Some $750 billion a year is spent on healthcare that has nothing to do with improving health outcomes. There is a role here for pediatricians to improve this.

There will also be a session on the Randomized Intervention for Children With Vesicoureteral Reflux (RIVUR) trial, which evaluated interventions in children with vesicoureteral reflux. The study suggests that antibiotic prophylaxis reduces urinary tract infections by about half, but there is no evidence of reduction in renal scarring.

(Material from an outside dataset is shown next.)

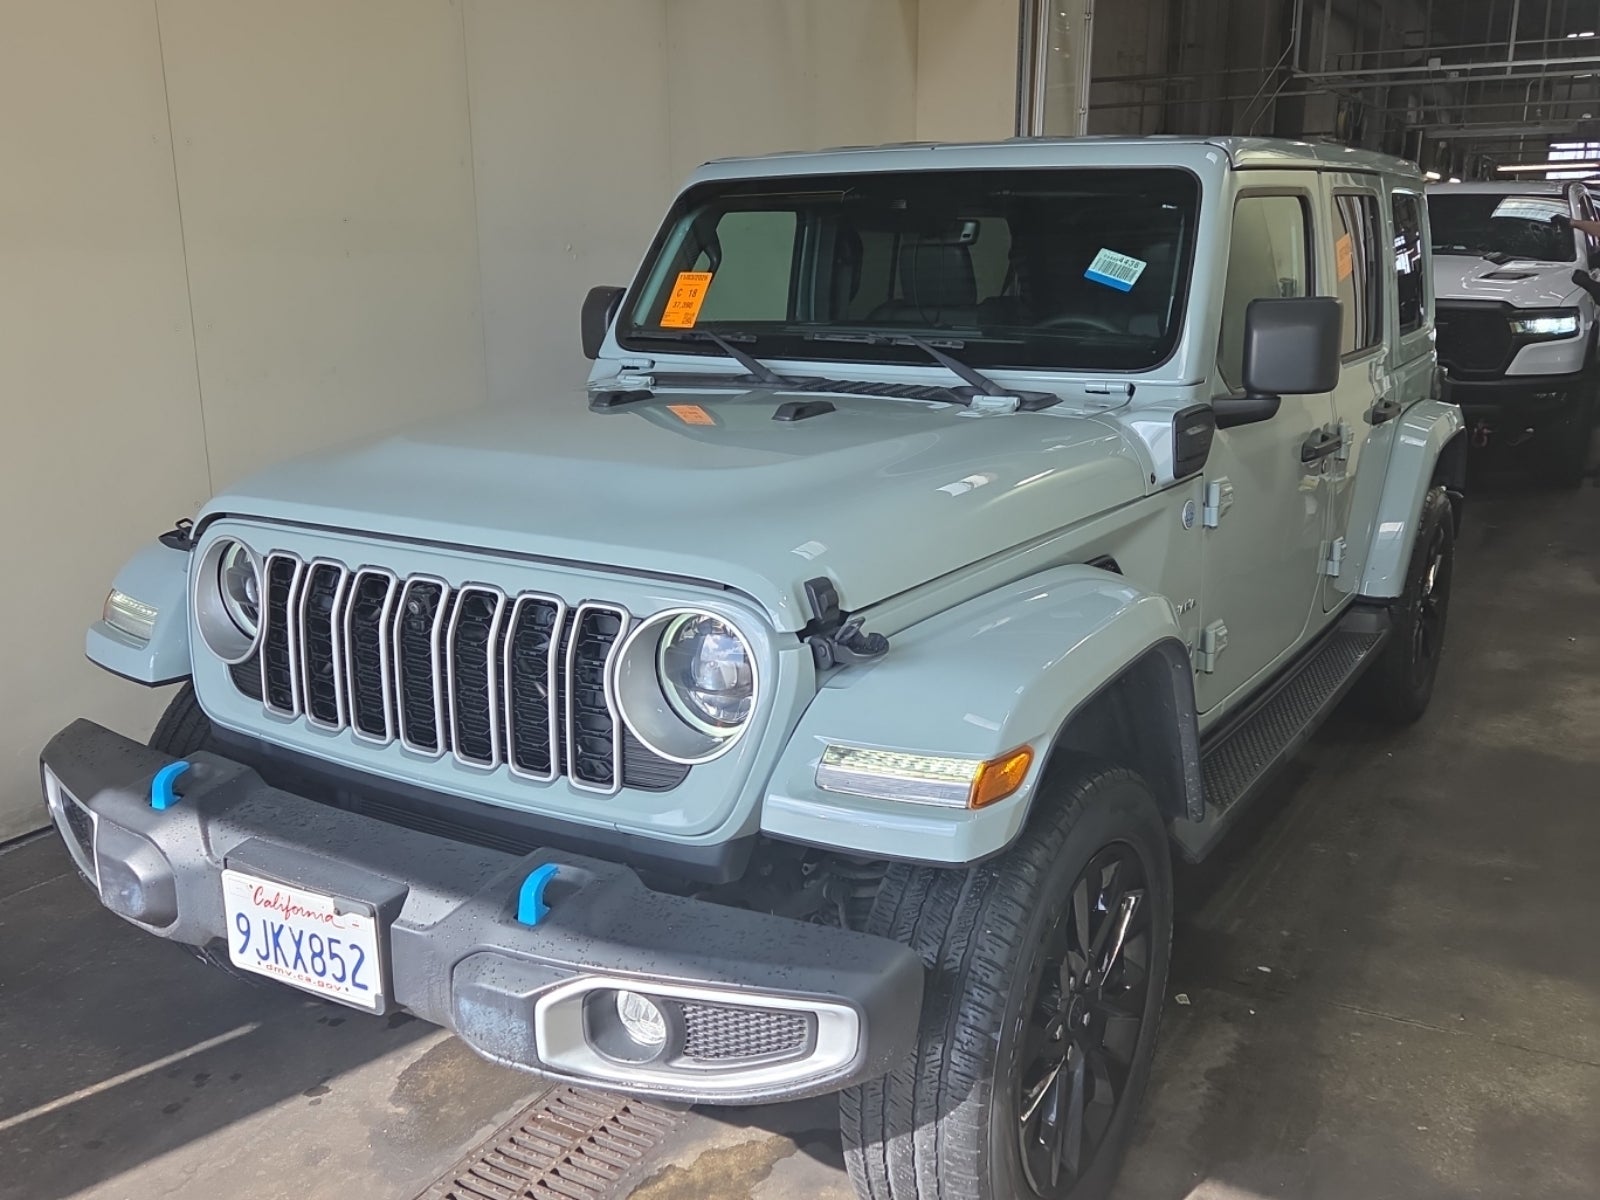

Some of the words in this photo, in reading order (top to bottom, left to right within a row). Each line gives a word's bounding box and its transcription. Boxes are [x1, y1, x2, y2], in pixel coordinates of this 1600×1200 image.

The results have left some doubting the value of voiding cystourethrography to diagnose because it is expensive, painful, and exposes patients to radiation.

Other topics will include a debate on whether marijuana can play a role in the treatment of seizure disorders. "The literature is conflicting, so we'll have people presenting pros and cons as to whether or not there's any use," said Dr. Cicco.

Healthcare expenditure will be another important topic. There is increasing evidence of the overuse of medical services, from unnecessary antibiotic prescriptions to the overuse of diagnostic procedures. "The National Institutes of Health estimate that some $750 billion a year is spent on healthcare that has nothing to do with improving health outcomes. There is a role here for pediatricians to improve this," said Dr. Cicco.

Global healthcare issues will also be well represented, said Dr. Aschner. "There are usually two or three entire sessions dedicated to improving delivery and outcomes for children in developing countries."

Dr. Aschner and Dr. Cicco have disclosed no relevant financial relationships.